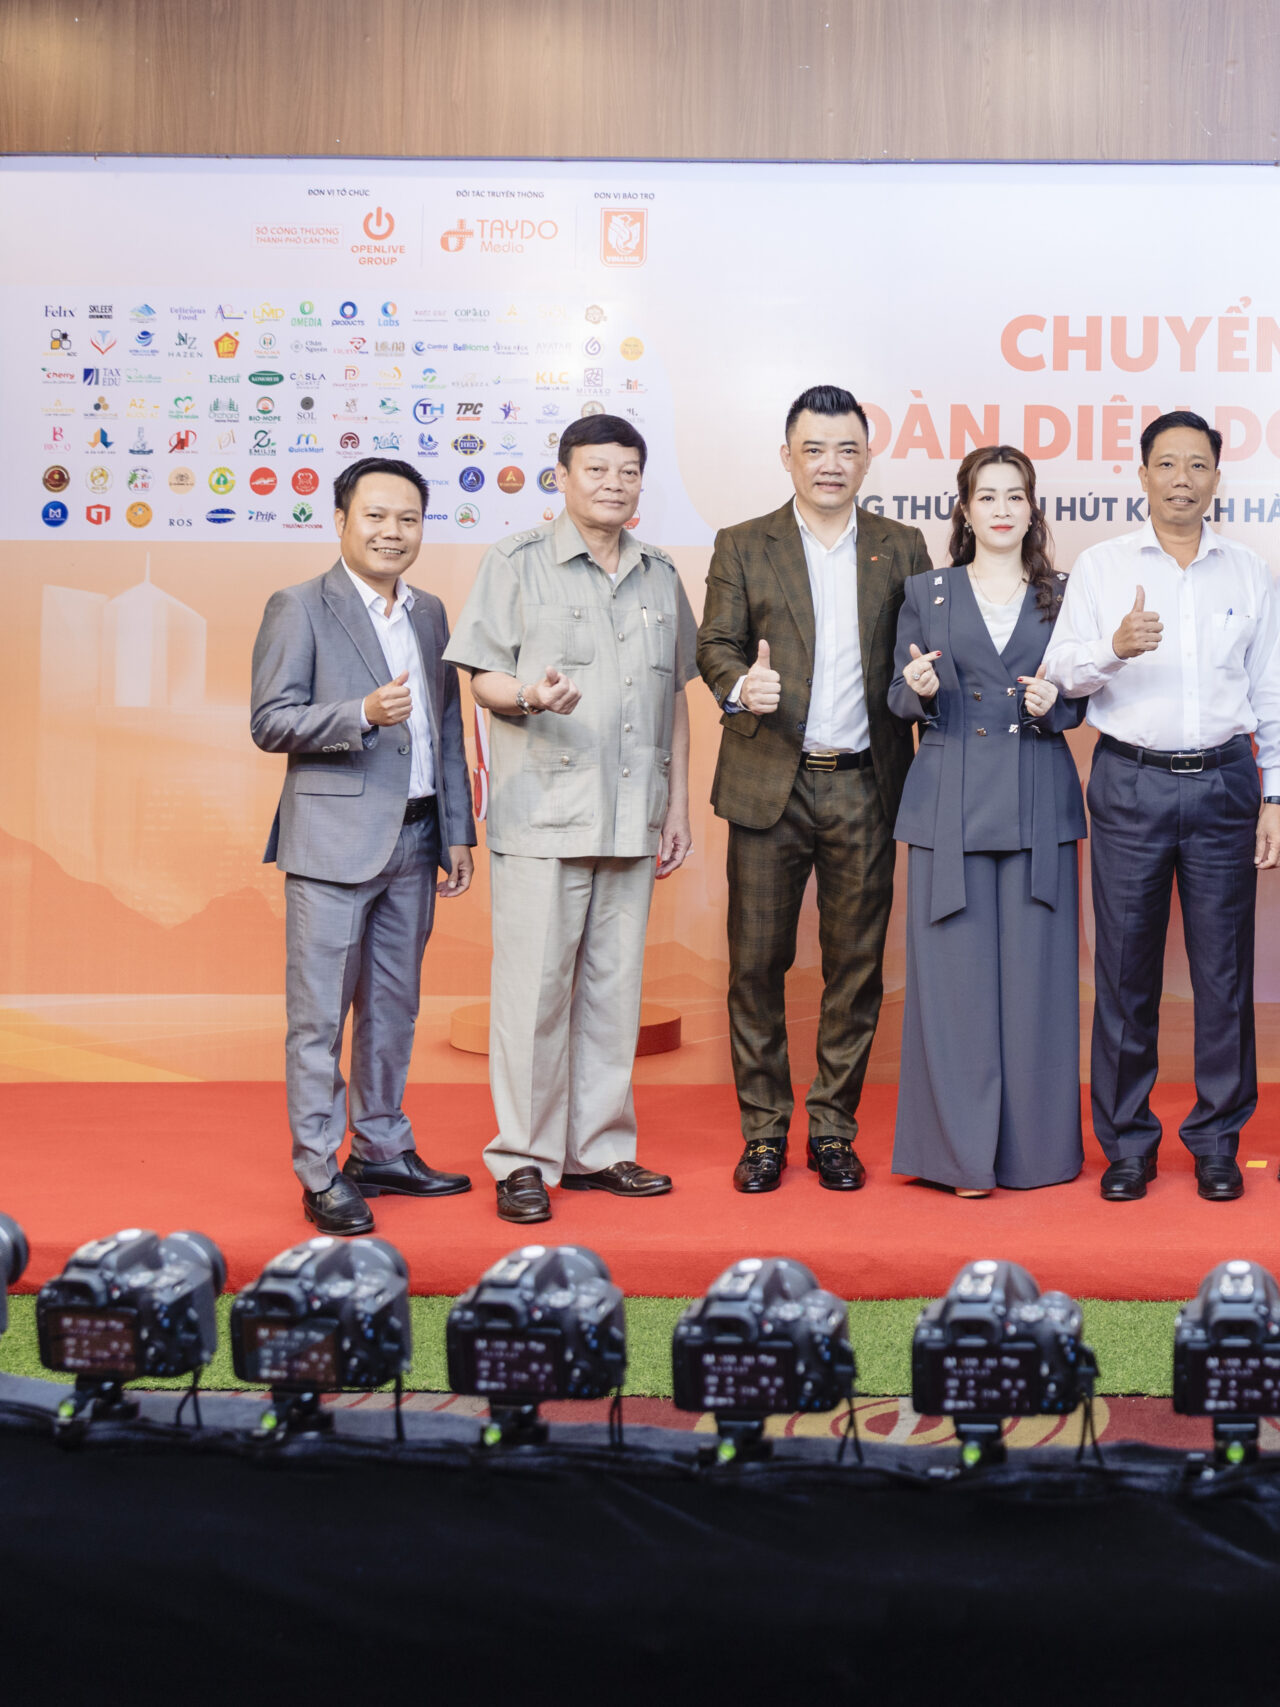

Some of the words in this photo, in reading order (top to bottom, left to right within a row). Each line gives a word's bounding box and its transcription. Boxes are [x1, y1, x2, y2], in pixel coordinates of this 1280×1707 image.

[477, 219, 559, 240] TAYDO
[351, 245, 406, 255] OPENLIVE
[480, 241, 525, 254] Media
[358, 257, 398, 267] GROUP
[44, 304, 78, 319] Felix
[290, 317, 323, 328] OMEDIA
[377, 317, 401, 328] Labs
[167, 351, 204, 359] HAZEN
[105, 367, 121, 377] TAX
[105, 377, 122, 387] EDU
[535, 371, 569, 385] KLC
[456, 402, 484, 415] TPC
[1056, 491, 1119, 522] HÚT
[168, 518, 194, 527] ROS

* * * * * * * * *

» WHAT YOU HAVE TO DO:
Repeat the entries faithfully. Any picture gets left out.

» FINAL ANSWER:
Some of the words in this photo, in reading order (top to bottom, left to right within a row). Each line gives a word's bounding box and its transcription. Boxes are [x1, y1, x2, y2], in pixel coordinates of this 1280×1707 image.

[477, 219, 559, 240] TAYDO
[351, 245, 406, 255] OPENLIVE
[480, 241, 525, 254] Media
[358, 257, 398, 267] GROUP
[44, 304, 78, 319] Felix
[290, 317, 323, 328] OMEDIA
[377, 317, 401, 328] Labs
[167, 351, 204, 359] HAZEN
[105, 367, 121, 377] TAX
[105, 377, 122, 387] EDU
[535, 371, 569, 385] KLC
[456, 402, 484, 415] TPC
[1056, 491, 1119, 522] HÚT
[168, 518, 194, 527] ROS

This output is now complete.